As an entrepreneur or business owner, it’s a good idea to rope in a finance expert to help you work through the maths upfront. For cost reasons, we recommend bringing on a part time financial director – someone with the strategic understanding you need who doesn’t come coupled with a full time salary. These thoughts are given with that assumption in mind.

  1. Determine the (estimated) return on investment. Upfront, your part time financial director will need to get a feel for the anticipated ROI. “This is the key factor — without a proven and strong economic model, there is no point in going any further,” says Meiseles. It differs from one industry to the next, but generally, business owners will be looking for a 15% ROI. If you’re outlaying R500 000, that means you should expect to receive at least R75 000 in profits by the end of the second or third year. “Also, keep in mind that a franchisee has to pay royalties, so that [money] is harder to come by for a franchisee than it is for a non-franchised business,” says Meiseles.
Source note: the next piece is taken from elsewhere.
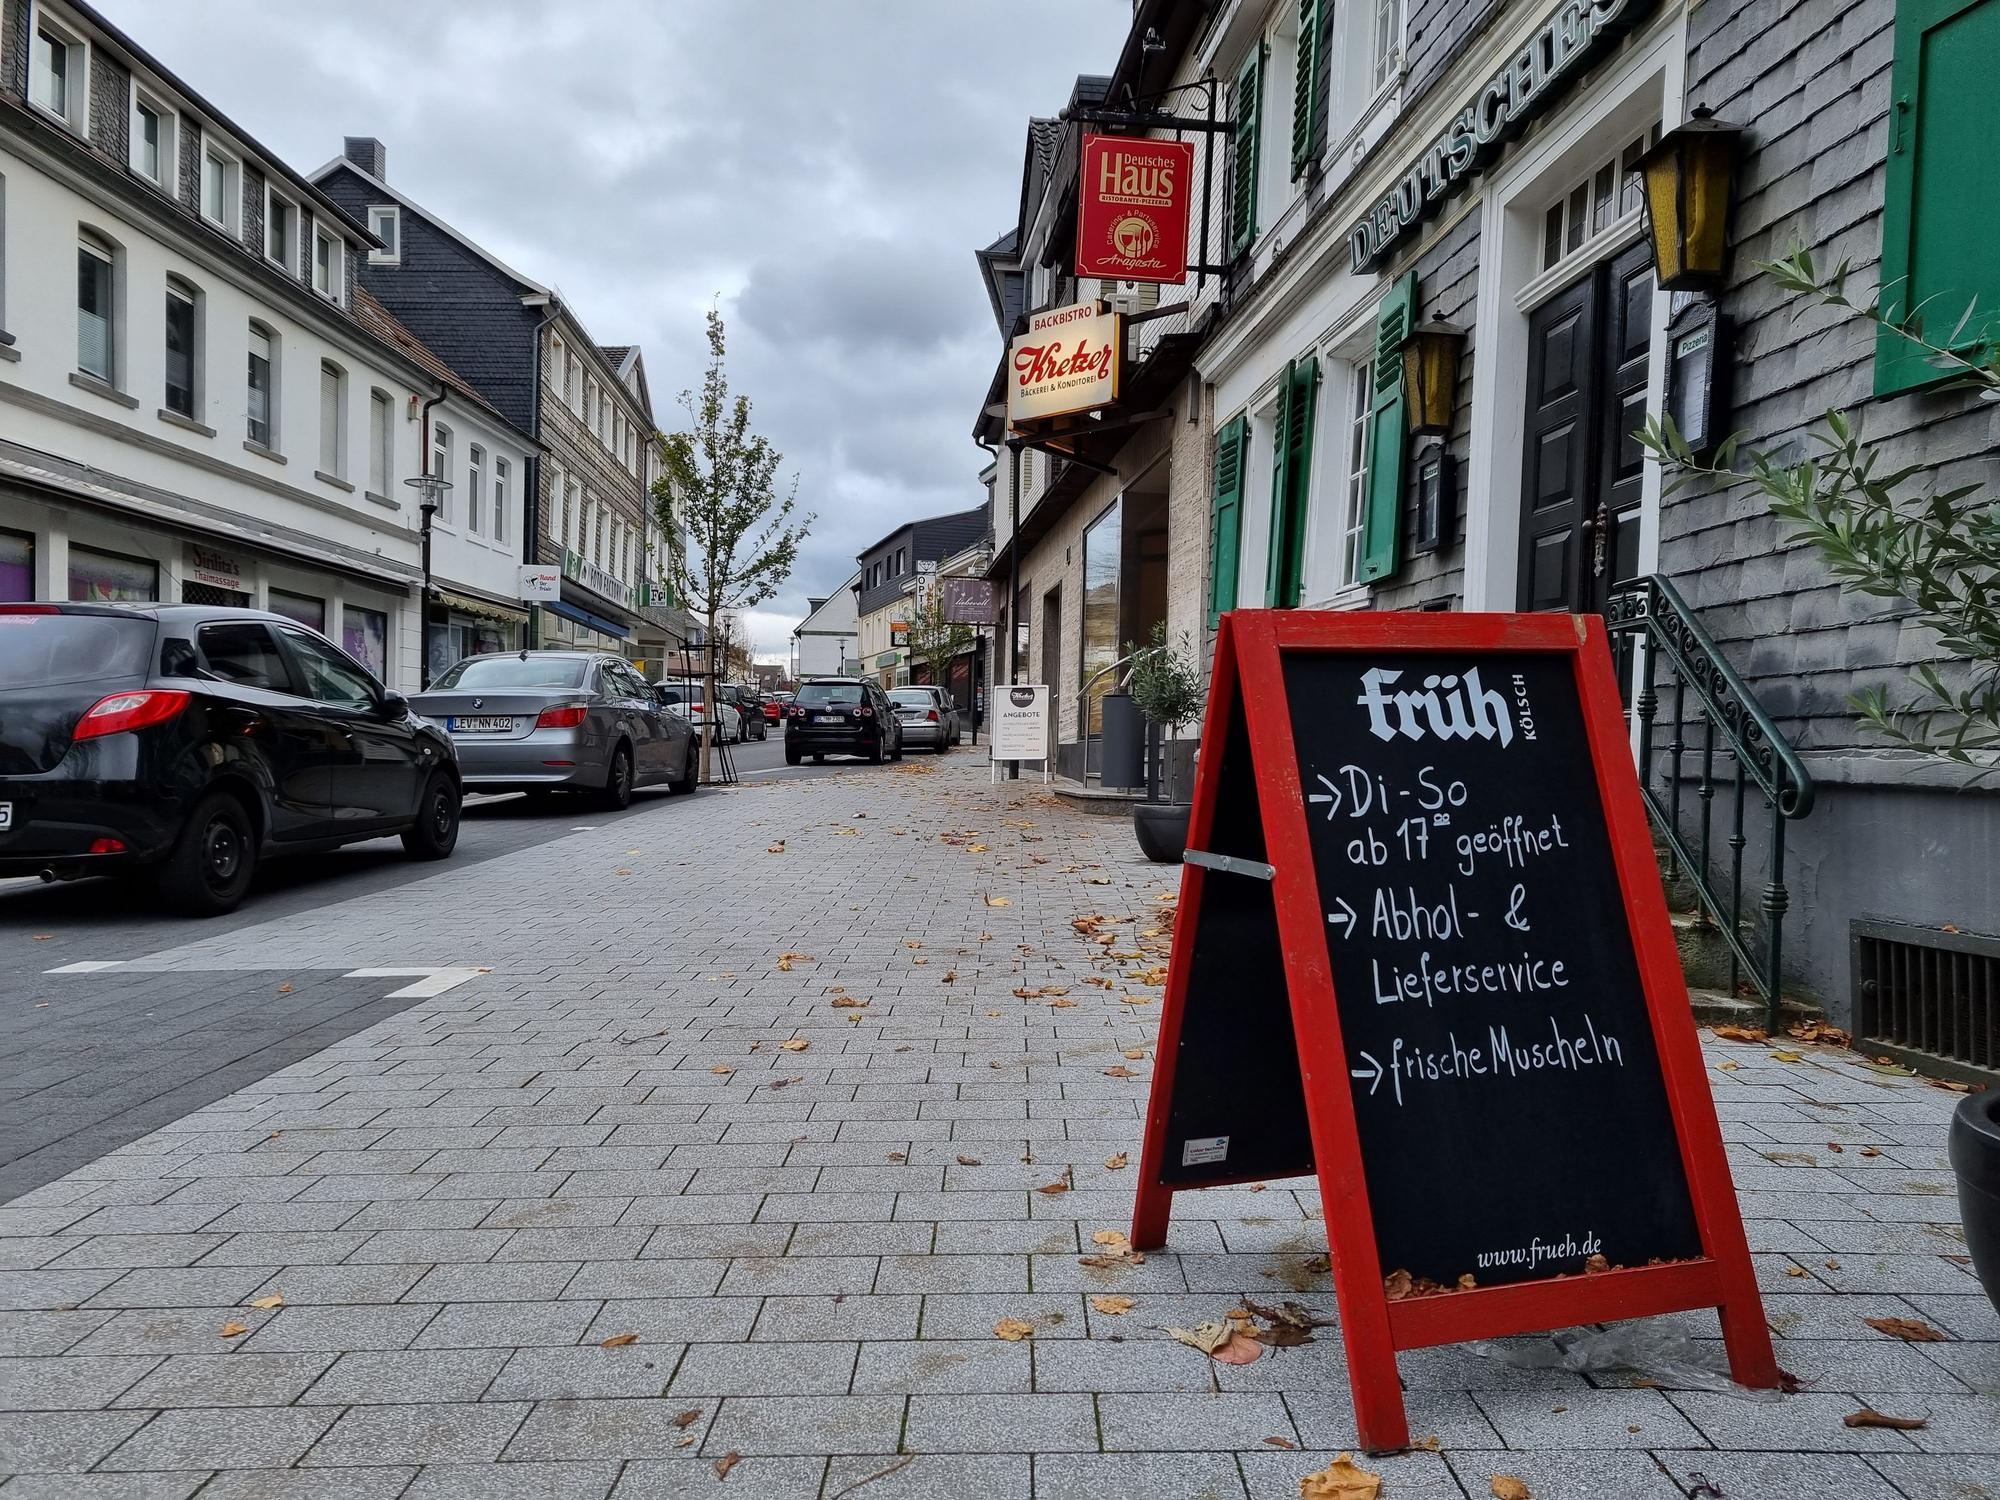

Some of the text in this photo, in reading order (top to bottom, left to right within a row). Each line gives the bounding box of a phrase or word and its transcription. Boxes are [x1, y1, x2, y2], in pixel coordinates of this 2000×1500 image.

Your franchisor will have historical figures to offer, but it’s a good idea to run your own evaluations.
  2. Make sure the base model has been tested. Advice website for franchise owners, FranChoice.com, makes this point: “Before New York Broadway producers bring a production on the road, they’ll test it in a few smaller cities to see if the humor or pathos translates well to different audiences. After all, not every town sees life in the same way as New Yorkers. A similar comparison could be made with franchised businesses. A concept that does extremely well in one location may not have the same appeal in a different part of the country.”

 

Meiseles’s opinion mirrors this. Great success in one unit is not enough to guarantee success in another. She recommends that franchisors test the concept in at least three different locations. In every instance, your part time financial director should estimate ROI, margins and how long they think the company will take to start bringing in a profit.

  1. Have a realistic idea of your access to capital. Your head office will provide you with a certain leg-up to get the ball rolling. But just because your start up is somewhat less capital-intensive than others, don’t underestimate the amount of money you’ll need. Have your part time financial director determine approximate costs for legal fees, marketing fees and setting up inventory and computer systems. Then, enlist your part time financial director in making a strong case (through a business plan and investor marketing material) to raise the capital needed.
  2. Explore what it will mean to be in a 10-year relationship with your franchisor. “Franchising is really all about relationships, and most franchise agreements are 10 years in length, so you should be sure you are committed to long-term relationships — both good and bad,” says Meiseles. As a business owner, start out by making sure you have things working well internally. The part time financial director who gives you advice upfront should ultimately be the person who sticks with you for the duration of the agreement, and whose insight grows along with the franchise. Do you work together well enough for this to be the case? After this, consider your collective relationship with the franchisor. Not only will you need the resolve to stay steady in that relationship despite all difficulties, your part time financial director will need to be able to do the same.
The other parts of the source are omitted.